== WHAT NEEDS TO BE DONE ==
Each record that follows goes into your reply unchanged; the pictures do not.
• • •
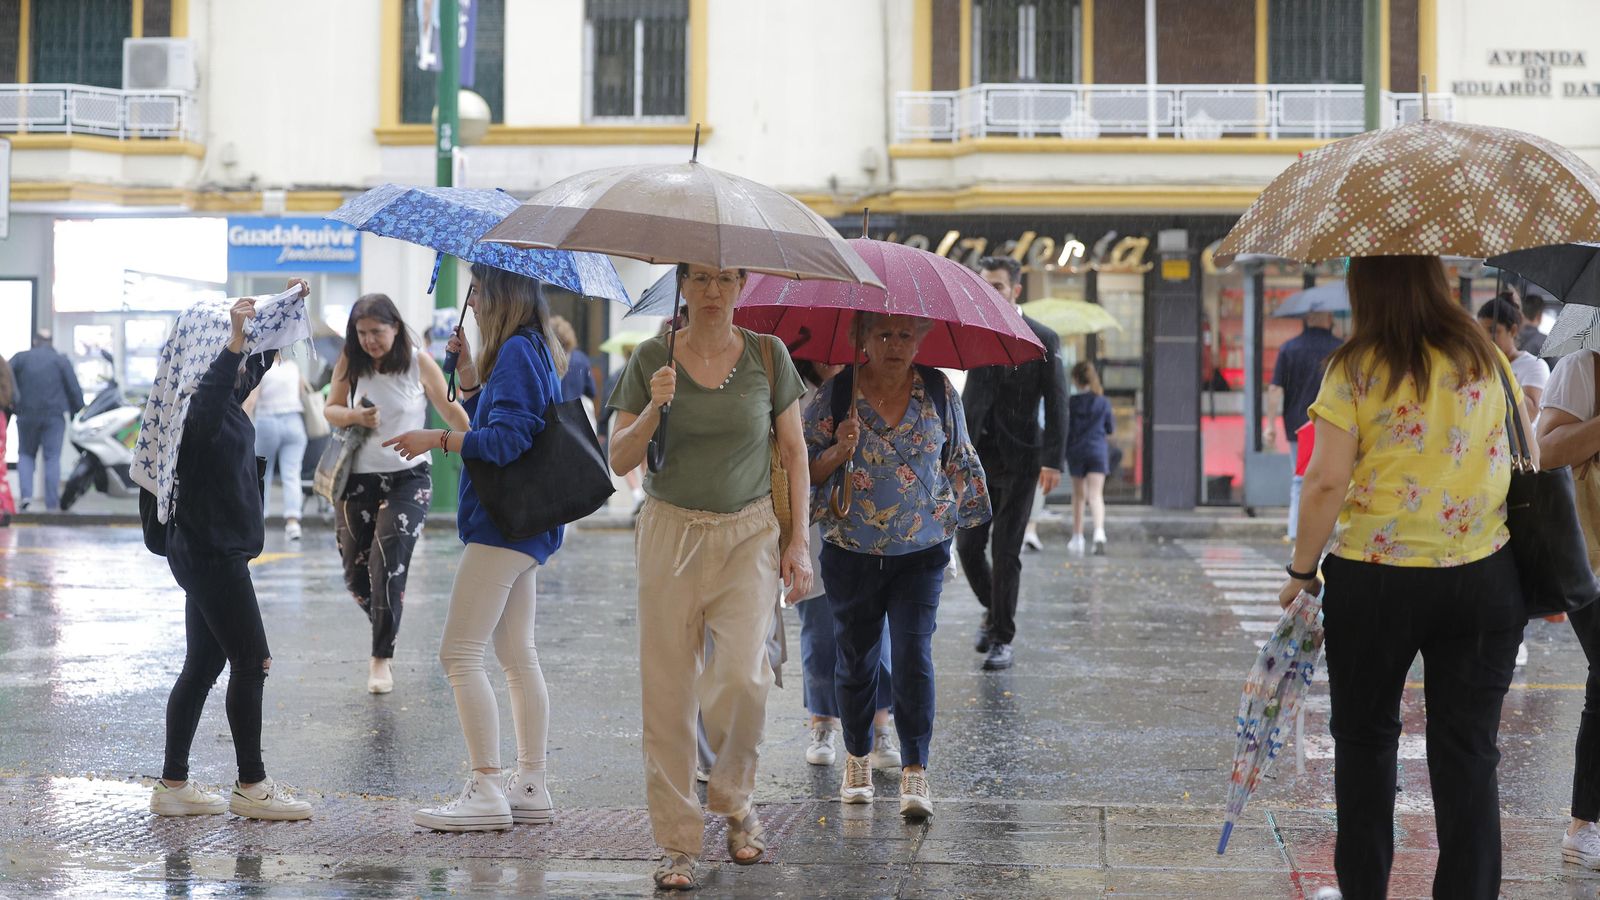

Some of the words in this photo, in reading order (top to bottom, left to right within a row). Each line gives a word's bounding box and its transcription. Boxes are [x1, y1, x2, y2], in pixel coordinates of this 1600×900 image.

[1489, 50, 1586, 66] AVENIDA
[1525, 67, 1551, 81] DE
[1453, 81, 1552, 97] EDUARDO
[229, 225, 355, 248] Guadalquivir
• • •
== YOUR RESPONSE ==
Some of the words in this photo, in reading order (top to bottom, left to right within a row). Each line gives a word's bounding box and its transcription. Boxes are [x1, y1, x2, y2], in pixel coordinates of this 1600×900 image.

[1489, 50, 1586, 66] AVENIDA
[1525, 67, 1551, 81] DE
[1453, 81, 1552, 97] EDUARDO
[229, 225, 355, 248] Guadalquivir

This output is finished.